De Don José a Pepe-tronco

Por: RAFAEL MARTÍNEZ-SIMANCAS

El entorno imponía, la puesta de escena no podía ser más solemne: un retrato de José Antonio y otro del “caudillo” separados por un crucificado esculpido en policromía al que se le apreciaban las llagas sangrantes de la pasión. La mesa algo elevada gracias a una tarima que hacía las veces de caja de percusión de los pasos del maestro.
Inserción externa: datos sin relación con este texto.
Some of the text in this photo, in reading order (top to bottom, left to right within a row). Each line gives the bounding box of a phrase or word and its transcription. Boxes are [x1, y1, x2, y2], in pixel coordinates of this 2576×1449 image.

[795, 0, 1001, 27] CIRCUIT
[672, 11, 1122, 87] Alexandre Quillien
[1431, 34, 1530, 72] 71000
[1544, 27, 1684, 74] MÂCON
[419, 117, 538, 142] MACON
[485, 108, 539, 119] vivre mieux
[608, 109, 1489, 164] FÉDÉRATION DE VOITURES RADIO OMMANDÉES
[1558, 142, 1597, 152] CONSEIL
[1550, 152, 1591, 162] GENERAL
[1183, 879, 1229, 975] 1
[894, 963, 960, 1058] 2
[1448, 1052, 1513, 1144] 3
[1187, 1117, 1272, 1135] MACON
A los lados un mapa de España en el que aparecían “Las Vascongadas”, los territorios de Guinea, Sidi-Ifni y Fernando Poo, y también litografías de santos de vida ejemplar.
Don José conocía las páginas de “La Enciclopedia Álvarez”, manejaba el latín con soltura y nos llamaba de usted, (como para no tenerle respeto). Alguien que se sabía todos los ríos de España y los afluentes del Ebro por la izquierda tenía que ser una persona muy docta; y lo era porque ser maestro era pertenecer a la autoridad, igual que el boticario del pueblo, el cura y el cabo del puesto de la Guardia Civil. Don José llegaba a la clase y los niños de ponían de pie, decían a coro “buenos días”, se sentaban sin hacer mucho ruido al bajar la banqueta; luego se abrían las tapas de los pupitres para completar un rito de instrucción casi militar. Y allí no se movía una mosca sin que Don José no la controlara, y ni una voz más alta que otra hasta que sonaba la campana del patio, momento en el que Don José se daba a la lectura del periódico con la parsimonia del que disfruta memorizando las esquelas.
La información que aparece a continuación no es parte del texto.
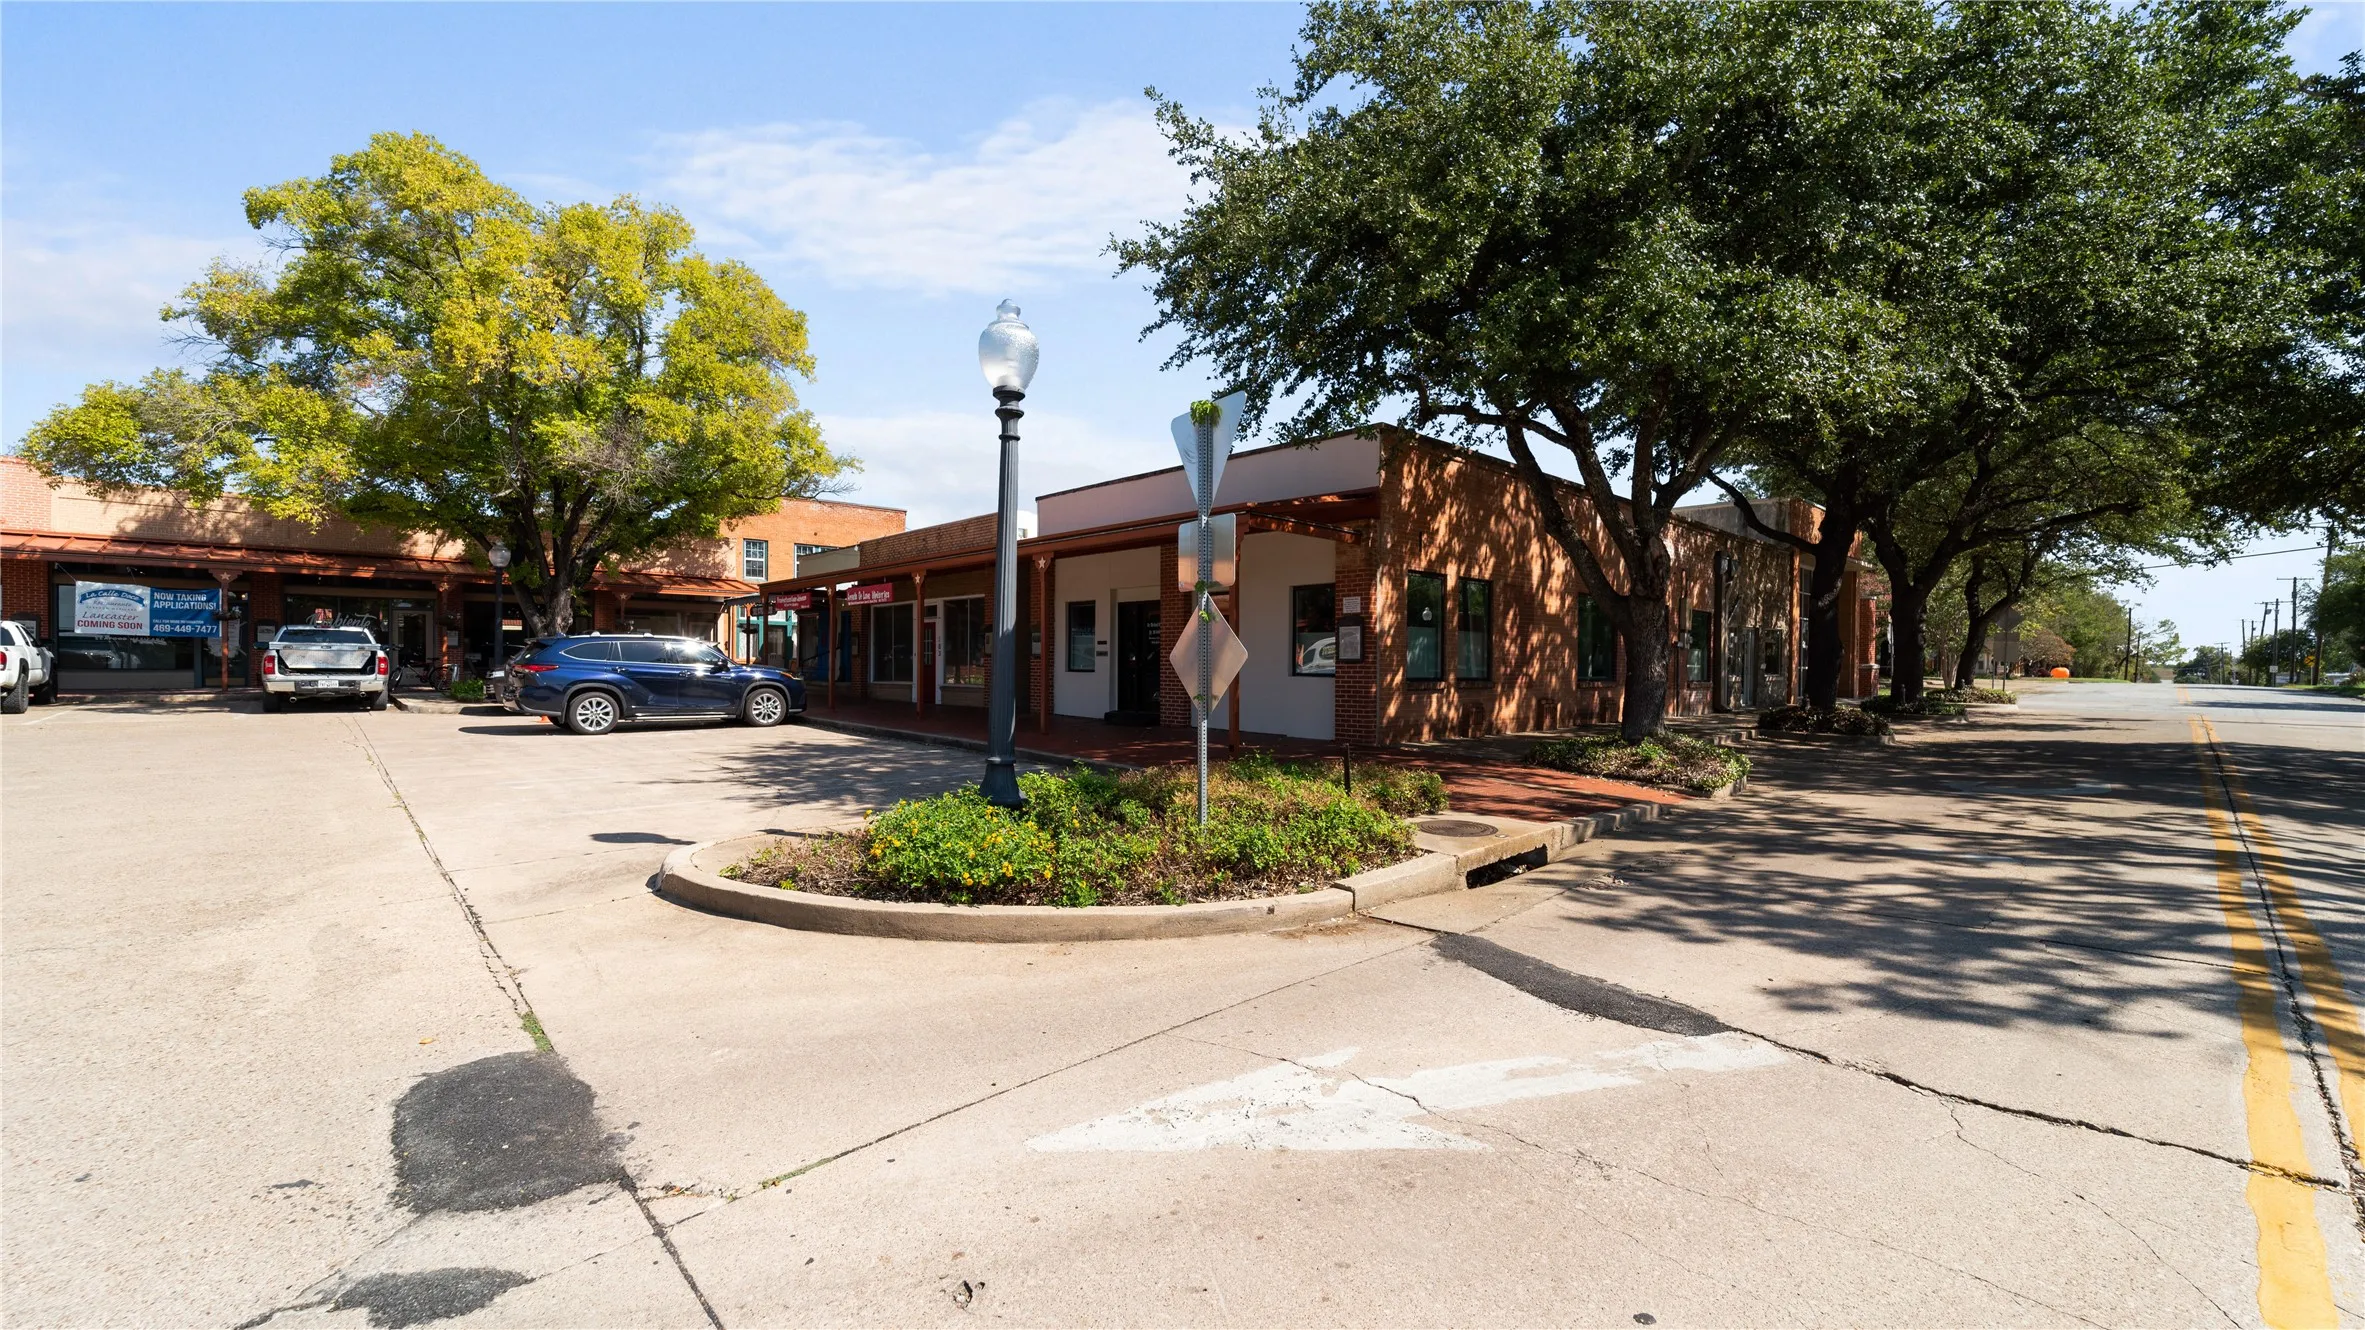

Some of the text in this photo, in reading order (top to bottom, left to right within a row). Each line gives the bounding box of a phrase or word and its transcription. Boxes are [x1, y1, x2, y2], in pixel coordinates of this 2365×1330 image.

[121, 592, 140, 600] Doce
[153, 592, 207, 601] NOW TAKING
[153, 600, 217, 610] APPLICATIONS!
[82, 611, 139, 621] Lancaster
[77, 620, 143, 630] COMING SOON
[153, 624, 217, 633] 469-449-7477
De aquel maestro tocado con la púrpura de la sabiduría se pasó al profesor colega que igual daba clases de catequesis que escondía unas octavillas impresas en ciclostil para lanzarlas por la calle desde su vespa de quinta mano. Ese “profe-colegui” se quitó el don para ser José, a secas con su trenka, y dejó de recordar los afluentes del Ebro para hacer comentarios de texto con letras de las canciones de Mercedes Sosa. La transición comenzó el día en el que José escribió la palabra “libertad” en la pizarra y un bedel recogió los retratos de Franco y José Antonio para guardarlos en el almacén, de todas formas la mancha del marco quedó para recordar que todo había quedado “atado y bien atado”. Pero a José le interesaba más la clase en el patio, o la visita cultural, que el estudio académico de las cotiledóneas y dicotiledóneas que junto a la tabla periódica de elementos y la de logaritmos formaron parte de una pesadilla generacional.
Ahora, el nieto de Don José, maestro también como el abuelo, le llaman Pepe-tronco y le gastan putadas para grabarlas con el teléfono. Se refugia en la sala de profesores como si fuera “Fort Apache”, y tiene suerte cuando consigue cinco minutos seguidos de silencio en la clase. Carece de autoridad y los niños se ríen de él cuando no funciona el proyector con las filminas de Ciencias, y suerte tiene el día en el que no le atan unas latas al coche para que salga por la calle como si fuera un “toli”. Pepe-tronco tiene unas ganas locas de acertar una Primitiva y darse el “pirillo”, pero mientras tanto lleva en la cartera unas pastillas que le ha dado el médico para que no le suba la tensión. Y, recuerda, que a su abuelo le dieron un homenaje sus alumnos cuando se jubiló, y a él le darían otro homenaje si la excursión de fin de curso comenzara en enero y se prolongara hasta junio.